In 2018, the Upjohn Institute launched an initiative to explore how communities can create broadly shared prosperity by helping residents get and keep good jobs. Our initiative brings together two areas of Institute expertise: place-based scholarships that help local residents increase their education, and economic development policies, such as tax incentives and customized business services, that directly target local job creation.
We link strategies that support firms in creating good jobs with strategies that give residents the skills and supports needed to work in those jobs. Our approach focuses on strategies communities can themselves deploy to achieve these ends. While we recognize the importance of federal and state support in helping communities achieve these objectives, we believe locally led efforts are vital in laying the groundwork necessary to create vibrant local economies that benefit everyone.
In this effort, the Institute benefits from growing linkages between its research and operations activities. In addition to the research on employment policies it has conducted for three-quarters of a century, the Institute administers federal and state workforce training programs in a four-county region in Southwest Michigan. We also advise communities in our backyard and throughout the nation on best practices in areas such as economic development, workforce/talent development, and the design of place-based scholarships.
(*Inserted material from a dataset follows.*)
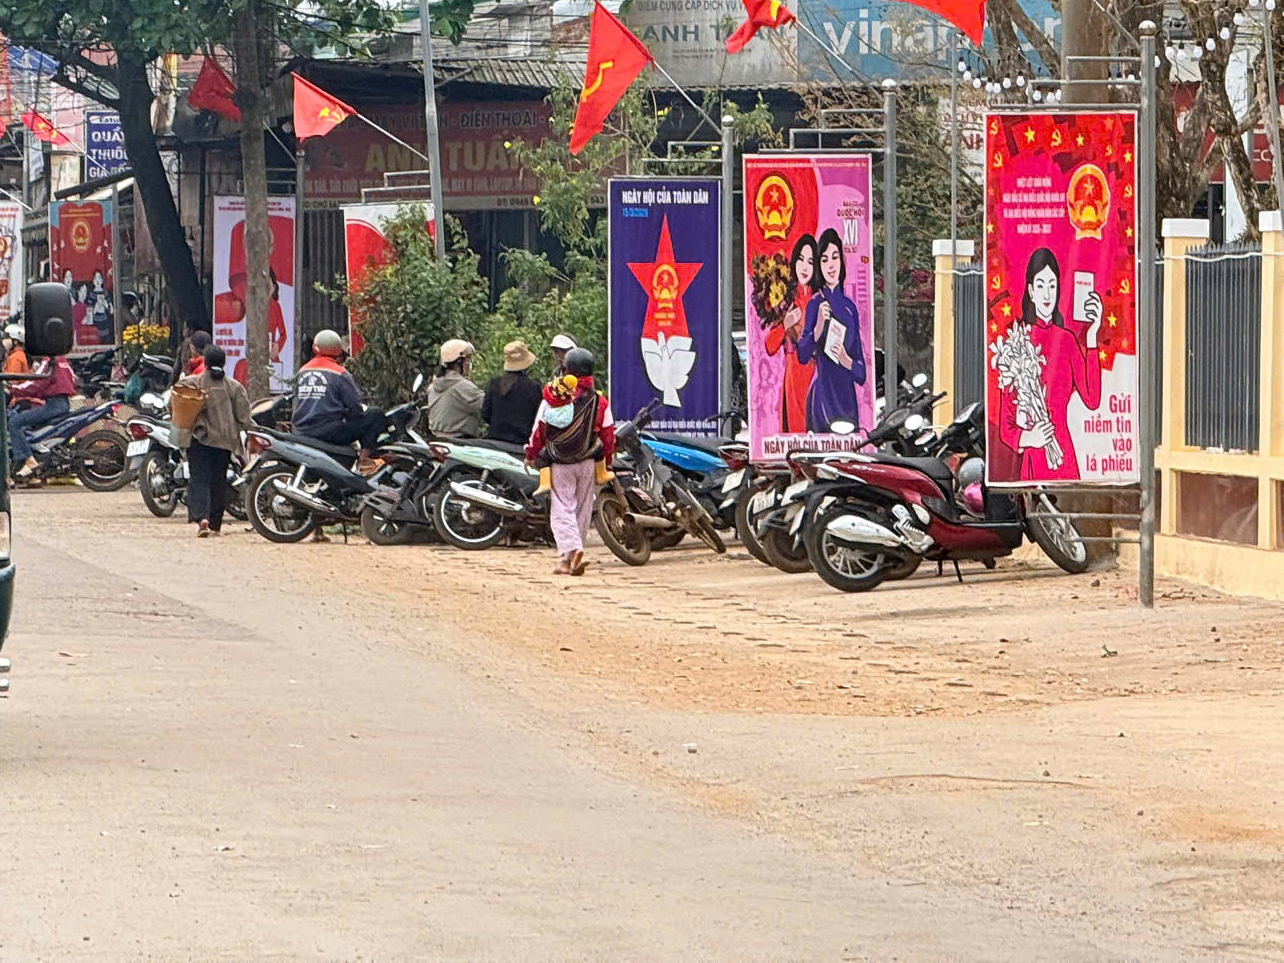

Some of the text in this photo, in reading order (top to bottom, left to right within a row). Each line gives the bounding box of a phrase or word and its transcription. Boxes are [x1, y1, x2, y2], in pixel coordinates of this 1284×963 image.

The Institute collaborates with the Kalamazoo Promise, the first of the current generation of place-based scholarships, and the City of Kalamazoo, which is engaged in innovative place-based development through the Foundation for Excellence and Shared Prosperity Kalamazoo. The Upjohn Institute works with the city and the Kalamazoo Promise around best practices, data systems, and evaluation, and aims to use what we learn locally to inform other small- to mid-sized cities facing similar challenges.
The research initiative is led by three co-directors with the support of an internal steering committee, a policy advisory committee, and a research affiliate network.